(Items listed in a dataset)
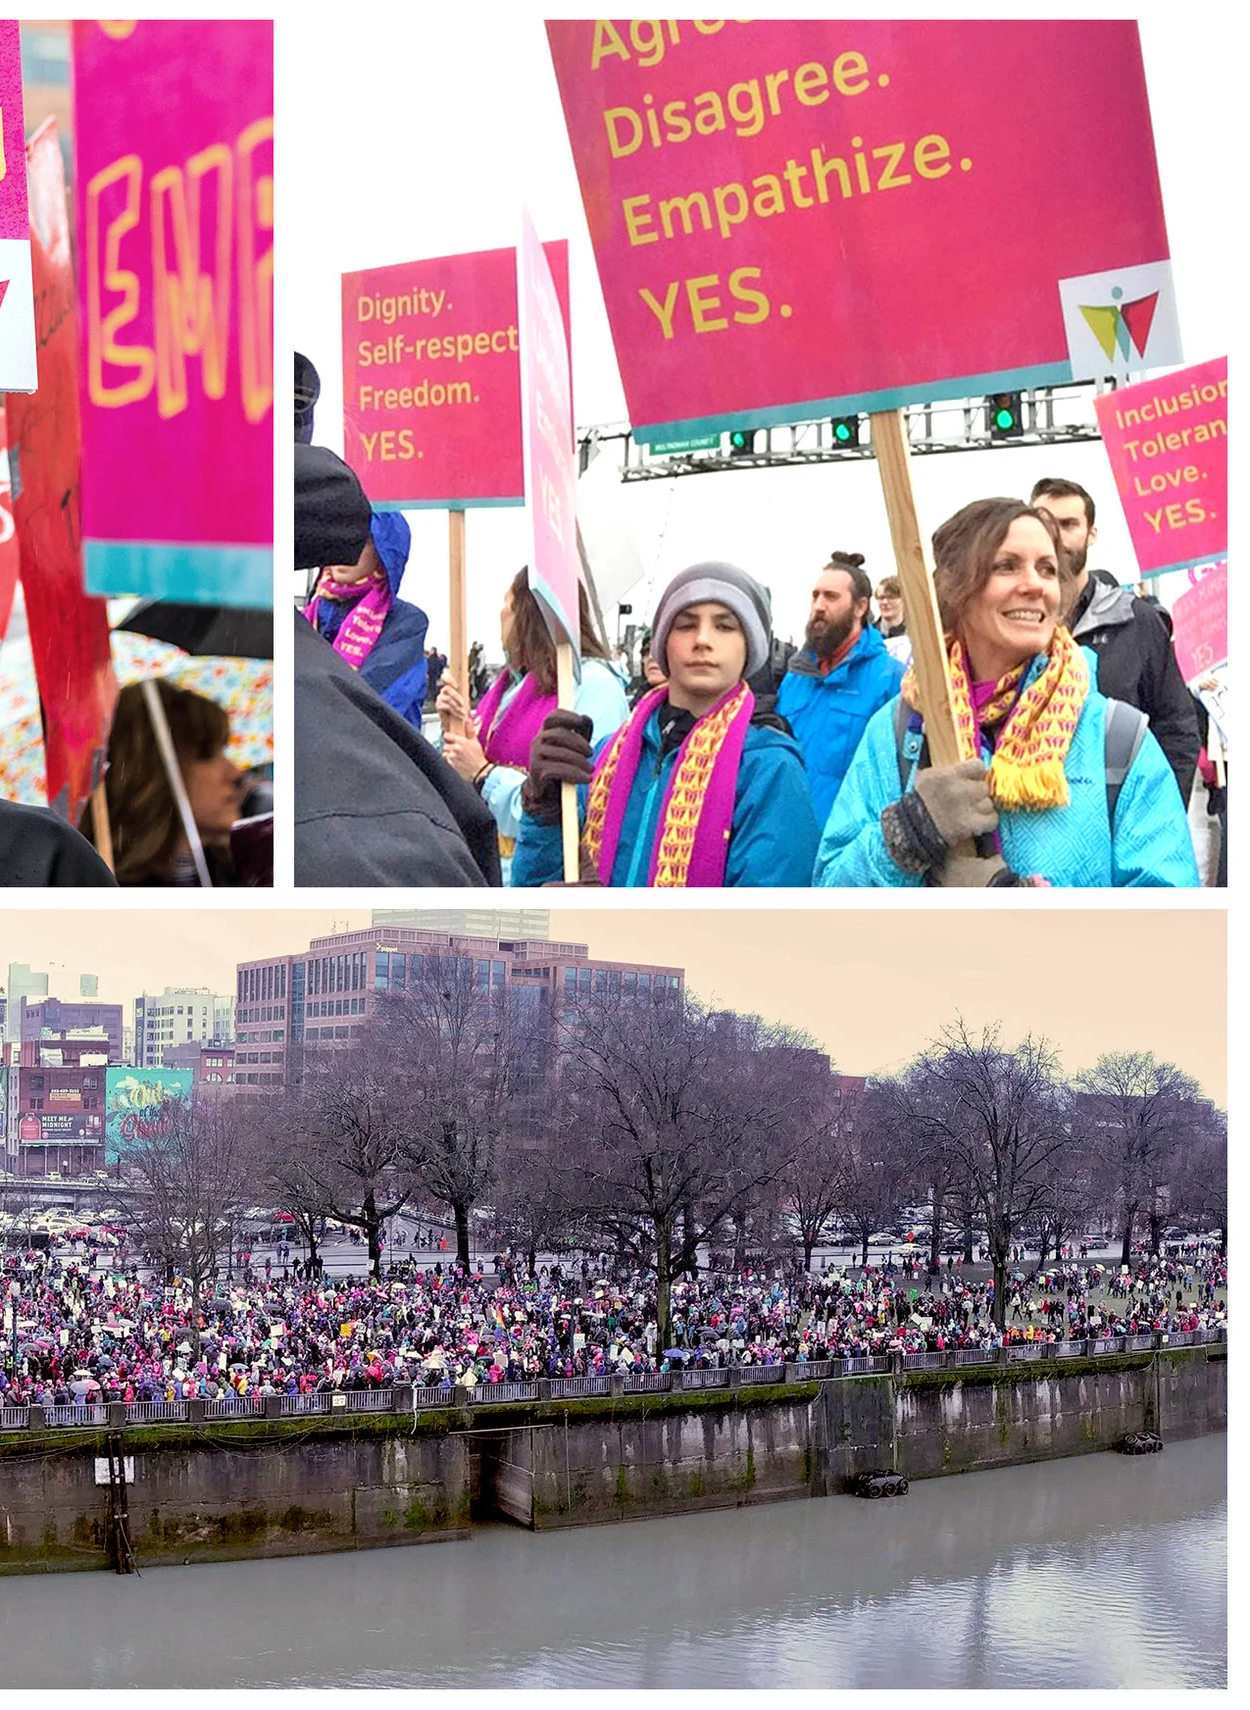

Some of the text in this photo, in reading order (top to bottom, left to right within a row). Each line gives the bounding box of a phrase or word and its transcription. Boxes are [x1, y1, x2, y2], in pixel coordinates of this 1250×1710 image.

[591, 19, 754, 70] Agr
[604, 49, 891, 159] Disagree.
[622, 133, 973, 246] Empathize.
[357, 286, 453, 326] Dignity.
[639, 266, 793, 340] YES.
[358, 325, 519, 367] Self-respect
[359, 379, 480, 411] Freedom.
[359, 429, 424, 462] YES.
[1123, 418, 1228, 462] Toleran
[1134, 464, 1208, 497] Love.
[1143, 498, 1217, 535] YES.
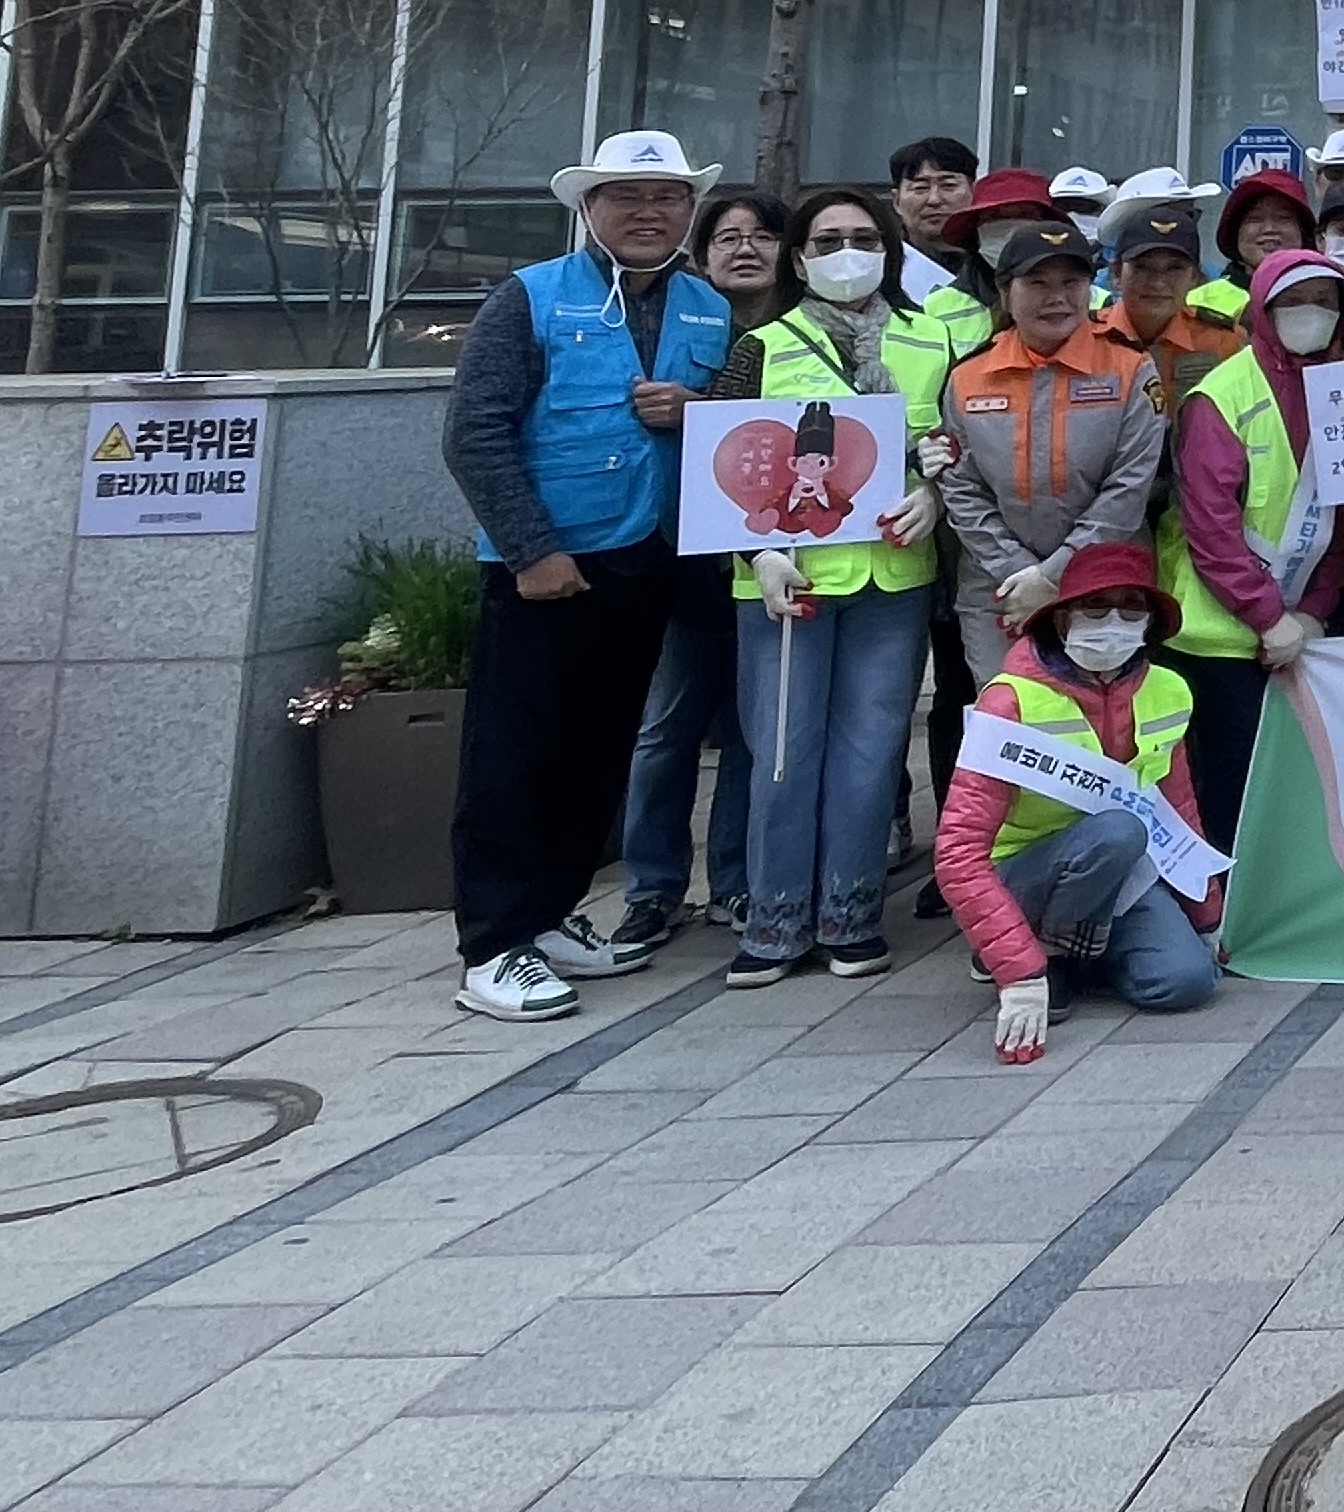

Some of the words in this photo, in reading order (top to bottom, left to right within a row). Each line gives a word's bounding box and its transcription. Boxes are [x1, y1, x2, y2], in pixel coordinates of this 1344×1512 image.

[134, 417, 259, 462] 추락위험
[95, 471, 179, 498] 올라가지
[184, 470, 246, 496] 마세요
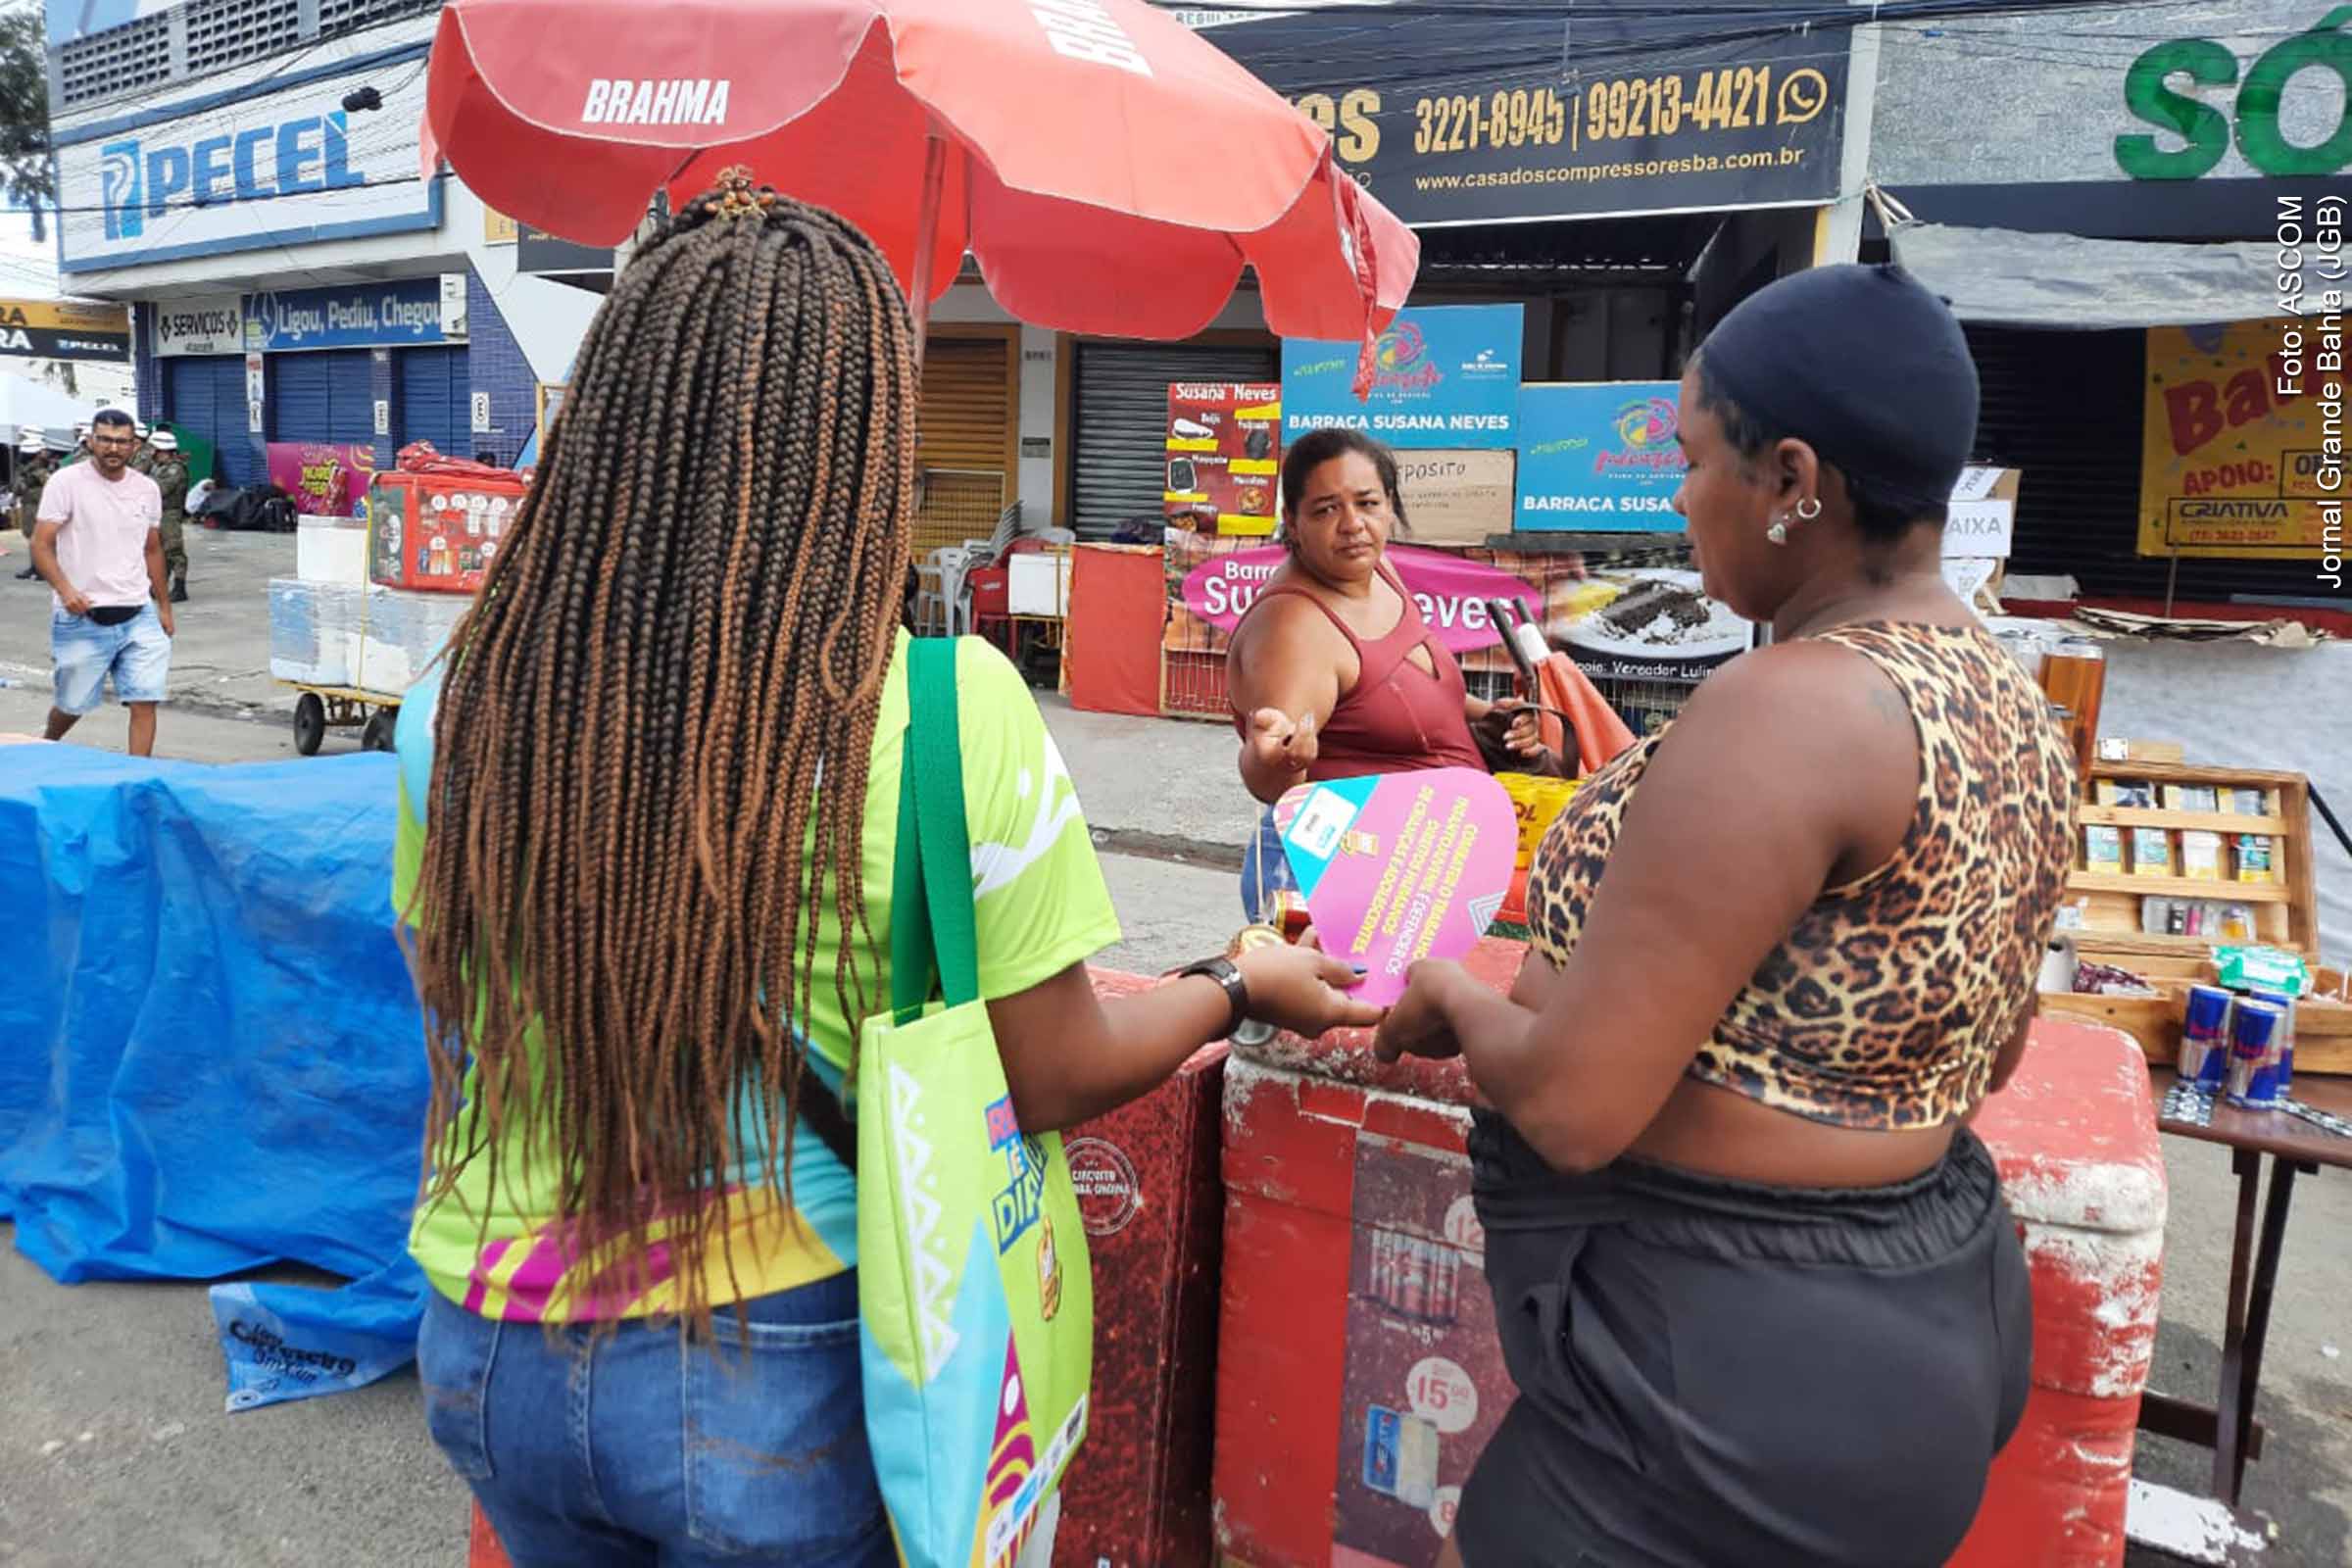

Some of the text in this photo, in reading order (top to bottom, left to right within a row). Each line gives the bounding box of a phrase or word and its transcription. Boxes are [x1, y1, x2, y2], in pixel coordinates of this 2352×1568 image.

= Exercise aim =
Would you write out all of the records exactly, omitting the pictures?

= Answer space =
Some of the text in this photo, in reading order (top to bottom, left to right within a row). Each line gives the bounding box of a phrase or word and its transcription. Boxes are [x1, y1, x2, y2], in pixel coordinates of this 1250×1710 image.

[591, 19, 754, 70] Agr
[604, 49, 891, 159] Disagree.
[622, 133, 973, 246] Empathize.
[357, 286, 453, 326] Dignity.
[639, 266, 793, 340] YES.
[358, 325, 519, 367] Self-respect
[359, 379, 480, 411] Freedom.
[359, 429, 424, 462] YES.
[1123, 418, 1228, 462] Toleran
[1134, 464, 1208, 497] Love.
[1143, 498, 1217, 535] YES.

Some of the words in this photo, in reading order (top to bottom, left to right within a row). Each line gives a word's bounding box and its transcription. Boxes are [x1, y1, x2, y2], in pixel coordinates of this 1344×1512 image.

[134, 417, 259, 462] 추락위험
[95, 471, 179, 498] 올라가지
[184, 470, 246, 496] 마세요

Some of the text in this photo, in reading order (top to bottom, left to right within a row). Each line gives the bounding box of a phrase or word and its transcription. Boxes are [x1, y1, x2, y2], in pixel coordinates of this 2352×1568 image.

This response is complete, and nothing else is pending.